The New York Times é exceção

Há, todavia, uma exceção em todo este ambiente de preocupante recessão. Chama-se The New York Times e no último trimestre aumentou em 587 mil o número de assinantes da edição eletrónica, que totaliza, agora, cinco milhões de subscritores. A estes somam-se mais 800 mil assinantes da edição em papel.

Razão tem Bem Smith, especialista para os media, que a 1 de março, na sua coluna inaugural no jornal sustentava que “o sucesso do The New York Times pode ser uma má notícia para o jornalismo”. O seu argumento central é que a qualidade e a dimensão do jornal novaiorquino, que é cada vez mais uma marca informativa global, seca, em boa parte, a afirmação e crescimento de outros projetos jornalísticos. Bem Smith usava, aliás, a expressão do “gigante digital” que põe fora de competição qualquer concorrente.

Os números publicados agora confirmam a sua previsão escrita há quase dois meses e meio. Apesar da descida da publicidade e do aumento das despesas, o jornal viu os seus lucros crescerem, em virtude, justamente, da subida em flecha do número de assinantes. Segundo dados revelados pelo próprio jornal, o lucro do primeiro trimestre deste ano cresceu nove por cento, situando-se nos 32, 8 milhões de dólares. O total das receitas registou uma subida de um por cento, totalizando 444 milhões de dólares. O jornal informa, ainda, que tem vindo a contratar mais jornalistas, em evidente contraciclo no setor, ao mesmo tempo que o presidente do grupo, Mark Thompson, promete que a política do jornal é reforçar a redação para continuar a oferecer “a informação mais fiável e uma orientação útil sobre o coronavírus e suas consequências”.
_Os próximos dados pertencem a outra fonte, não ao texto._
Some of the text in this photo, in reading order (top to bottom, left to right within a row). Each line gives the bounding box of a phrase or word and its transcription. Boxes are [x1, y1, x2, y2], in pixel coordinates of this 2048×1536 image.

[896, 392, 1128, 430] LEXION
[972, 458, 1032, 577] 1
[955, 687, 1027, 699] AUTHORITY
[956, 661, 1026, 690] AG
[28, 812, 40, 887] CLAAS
Tanto Covid nas notícias já cansa

Um mês depois do início do confinamento e de uma dieta diária rigorosa de notícias sobre o Covid-19, o cansaço face à quantidade de informação sobre o mesmo assunto começa a fazer-se sentir. “Há três razões para esse mal-estar geral: as notícias deixam as pessoas deprimidas; também as faz sentirem-se impotentes; e as pessoas simplesmente não confiam nas notícias – elas as veem como superficiais, sensacionalistas e imprecisas”, alerta a edição da Wired no Reino Unido. Tal observação é corroborada pelo Columbia Journalism Review, onde Mathew Ingram fala numa tendência na procura por boas notícias, no quadro de uma prolongada crise sem precedentes na história recente. Cansaço ou escapismo, ou ambos os fatores, certo é que tudo aponta para um certo esgotamento monotemático a que os media se dedicaram intensamente ao longo das últimas semanas.

Não é caso para menos. Desde o início da pandemia foram publicadas em todo o mundo e apenas em meios digitais (96.747) cerca de 57 milhões de notícias, segundo dados da Cision, uma das maiores empresas mundiais que monitoriza diariamente os fluxos noticiosos à escala global. Só a 11 de maio, data em que este texto está a ser escrito, foram publicadas 423 mil notícias em 31.400 media.

Estados Unidos, com perto de 95 mil notícias publicadas a 11de maio lidera com grande avanço a lista, seguido do Reino Unido (26.693). O Brasil ocupava na mesma data a 12ª posição (9.068) e Portugal, com 4.386 notícias, sitiava-se no 20º lugar do ranking.